The term “laisser aller” or “letting go” is used by Friedrich Nietzsche
to describe this state of nature, in which man resides absently of law. His
use of the term represents the struggle morality wages against nature and
reason. He equates morality in any form, with “tyranny and unreason.”
Nietzsche proposes that man’s natural existence be, in essence, nihilistic.
Logically, the political entity known as the state, created by man will inherit
these traits. Thus, the conclusion is that the creation and institution of
international law are in direct violation to nature.
However, international law exists and states “generally” submit
themselves to it. . Since most of this law is derived from codified norms of
states, the term submission can be used. There is a disservice committed to
humanity when the law is broken, not just to those who are weaker in the global
community but to the law itself. A violent raping of the law is committed when
it is taken in an a la carte form. The constant shifting back and forth from
international law to nature creates an incoherent system and a basis for
calling the reversion to the natural state, evil. In this setting “illegal”

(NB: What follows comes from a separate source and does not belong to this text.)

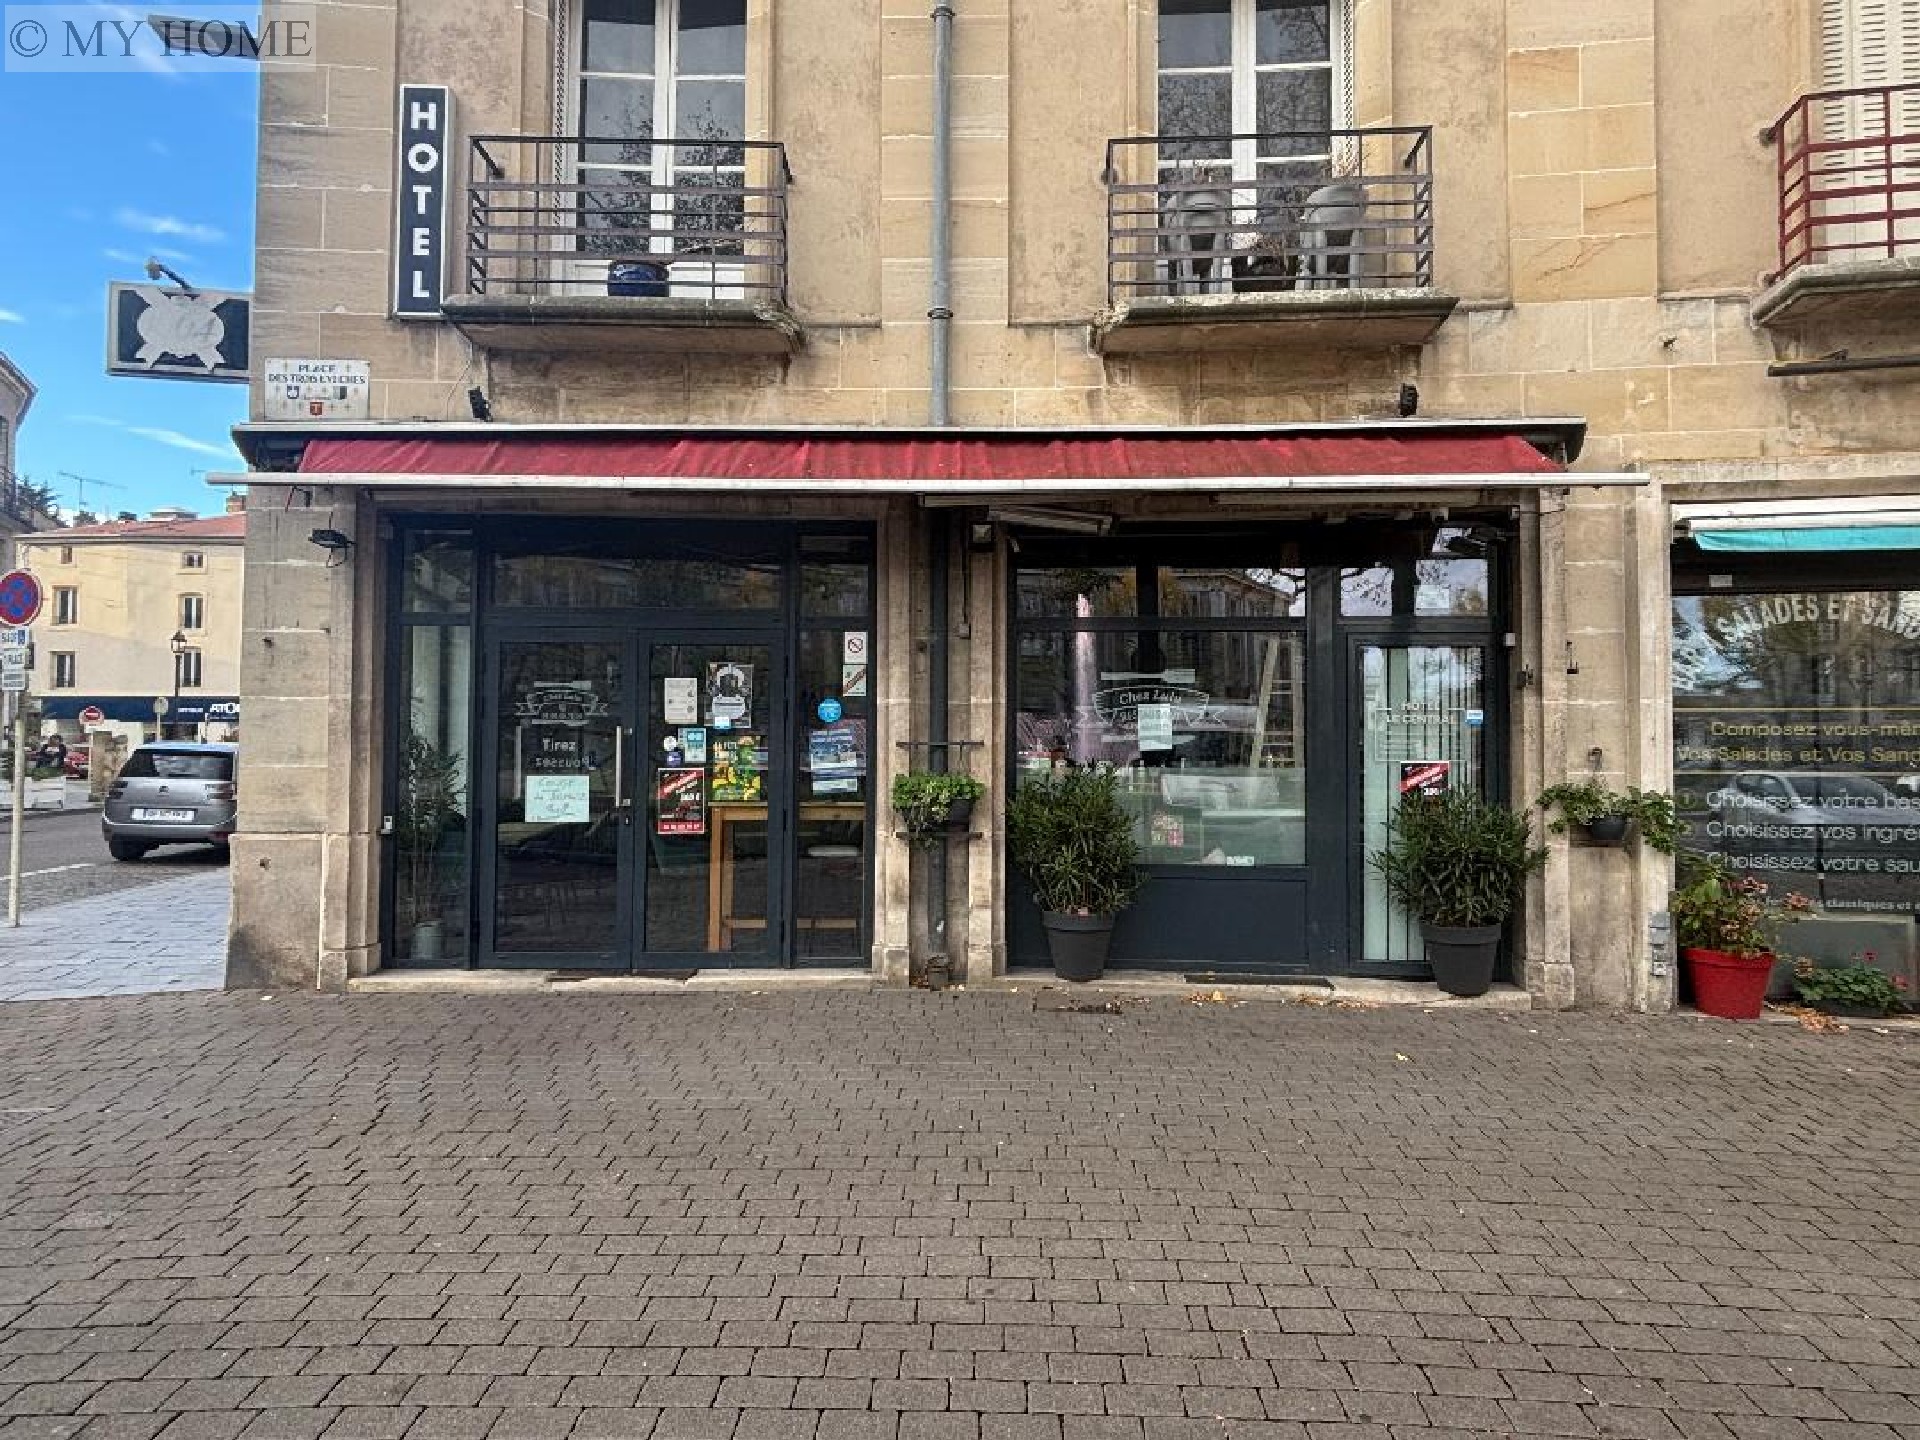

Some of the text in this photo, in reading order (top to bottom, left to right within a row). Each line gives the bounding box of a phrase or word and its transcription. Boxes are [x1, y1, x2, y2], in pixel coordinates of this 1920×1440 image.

unilateral action is immoral. Conversely, the adherence to the law is equally
immoral. This conclusion is drawn from the virtue of integrity. Either have a
commitment to comply with morality or completely abstain from a hypocritical
form of servicing the law with words and no conformity. Consistency, is an
extremely important factor of a system of law.
Moynihan argues that the United State has begun to traverse a path
leading away from its adherence to international law. “There is clear evidence
that the United States is moving away from its long established concern for and
advocacy of international legal norms of state behavior.” The implication of
the United States’ departure is extremely troubling. The decline of
universalism in world politics can be seen through the example of the United
States. Moynihan has no trouble in finding examples in recent history to
support his argument.
During the Bush Administration two examples are cited of unilateral
action condoned by the United States, which are violations of international law.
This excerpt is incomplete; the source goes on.